Learning in the Key of Life by Jon Spayde, June 1998, pp. 45-49.

Why I found this article thought provoking. Timm Ringhofer After reading many articles that I thought would be interesting in the June 1998 issue of the Utne Reader, I finally found one that really sparked my interest. Learning in the Key of Life is an article on a topic that I have spent some time considering in the past, and renewed my thought patterns about it. I was raised on a dairy farm where in years past formal education was not a necessity. What one needed to know most likely was learned from elder family members or neighbors on how to get the job done right or in a better way. This type of learning is disappearing as we know it as families become more involved with other activities such as TV, the internet, or the countless other technologies that are available as we head towards the 21st century.

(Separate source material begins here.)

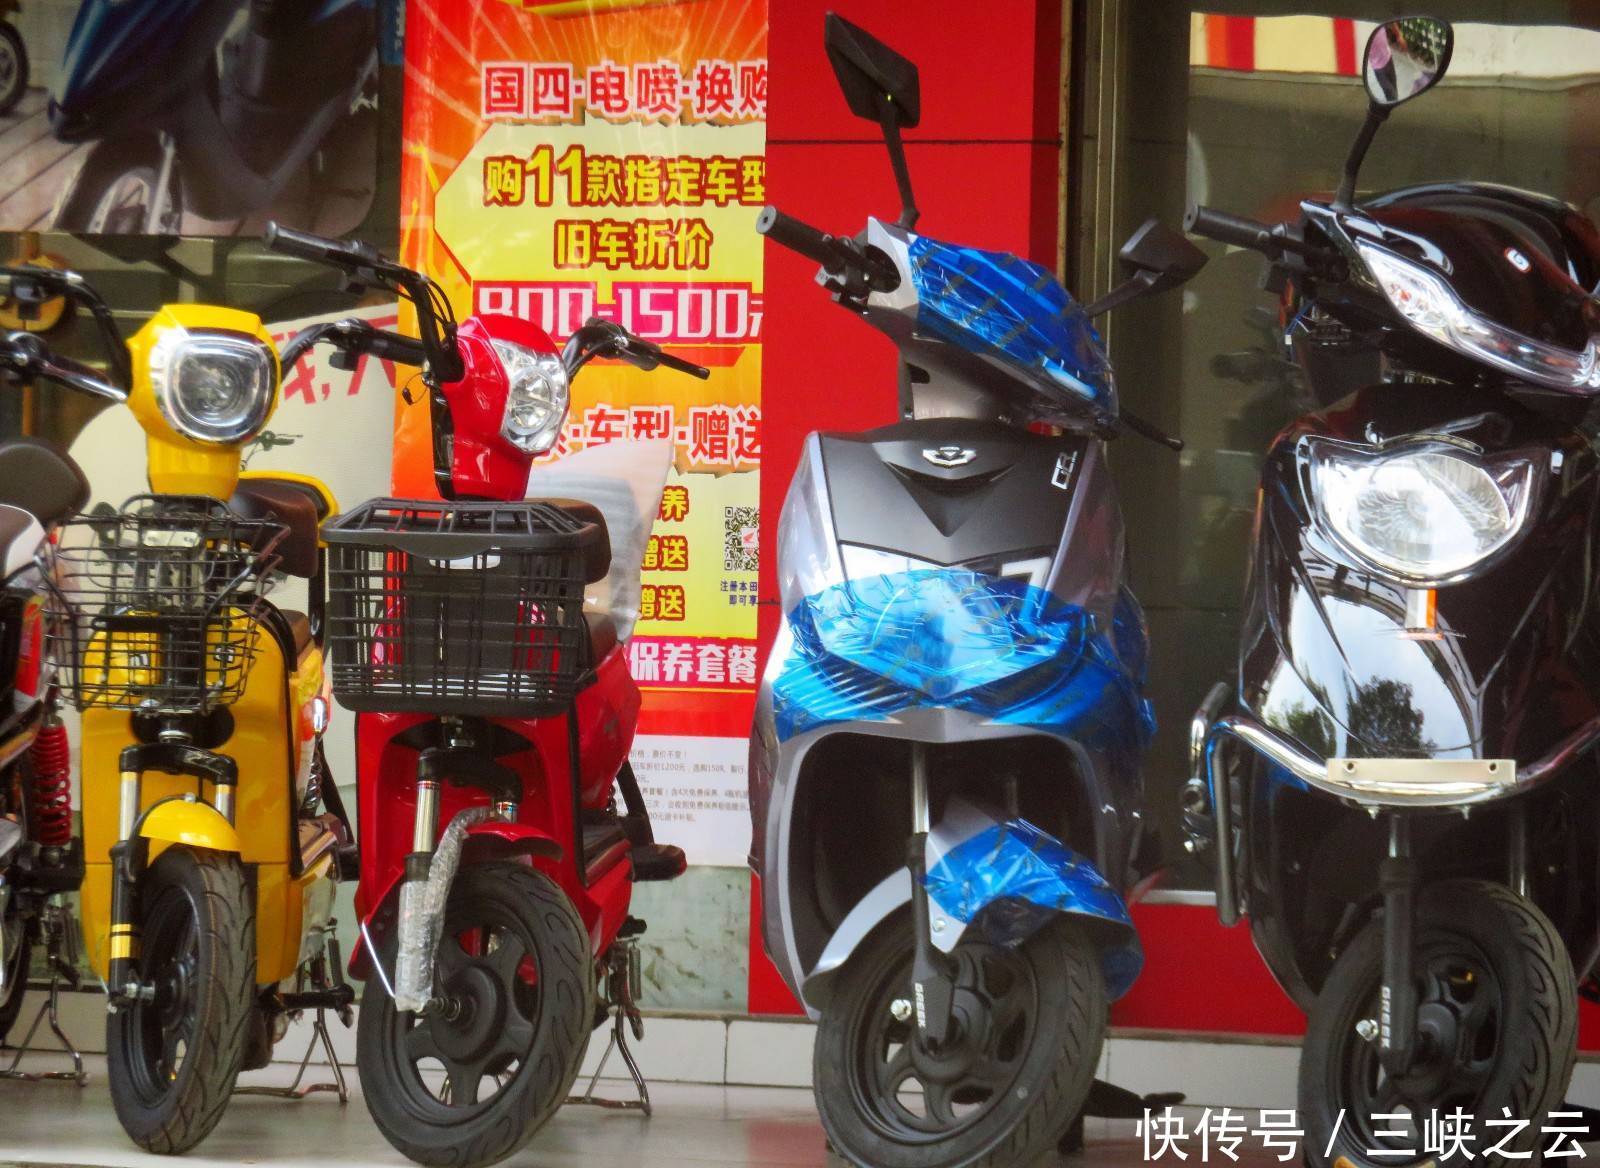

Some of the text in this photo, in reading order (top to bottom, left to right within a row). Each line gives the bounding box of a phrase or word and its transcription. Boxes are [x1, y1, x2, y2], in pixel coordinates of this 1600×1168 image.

[554, 218, 713, 270] 旧车折价
[658, 486, 689, 521] 养
[629, 642, 757, 684] 保养套餐

A statement that I hear each day in my classroom is Can we use our calculators? Most days I say no, but in the past five years, I have become more and more willing to let them use the calculators. David Orr makes mention of slow knowledge vs. fast knowledge. This I believe in my classroom is difference between working the problems by pencil and paper and using the calculator. In an English classroom, this might be the difference between writing in calligraphy and using a word processor. It is my belief that students need to understand the slow knowledge in my classroom before they get to use the fast knowledge. Technologies change, as the article states, but the patience and resilience of completing the square of a polynomial or taking the derivative of function will always stay just that way. I hope that other teachers and business people see this the same way. In closing, I focused my thoughts on the above mention ideas. However, I believe that some other ideas in this article have merit as well. The idea of the humanities making one rich inside rather than moneywise is so true. Also, the idea that one must love a subject in order to learn is another topic that I very much could have discussed. Maybe in a future time, when time and society once again dont constrain us to specific work days and social norms.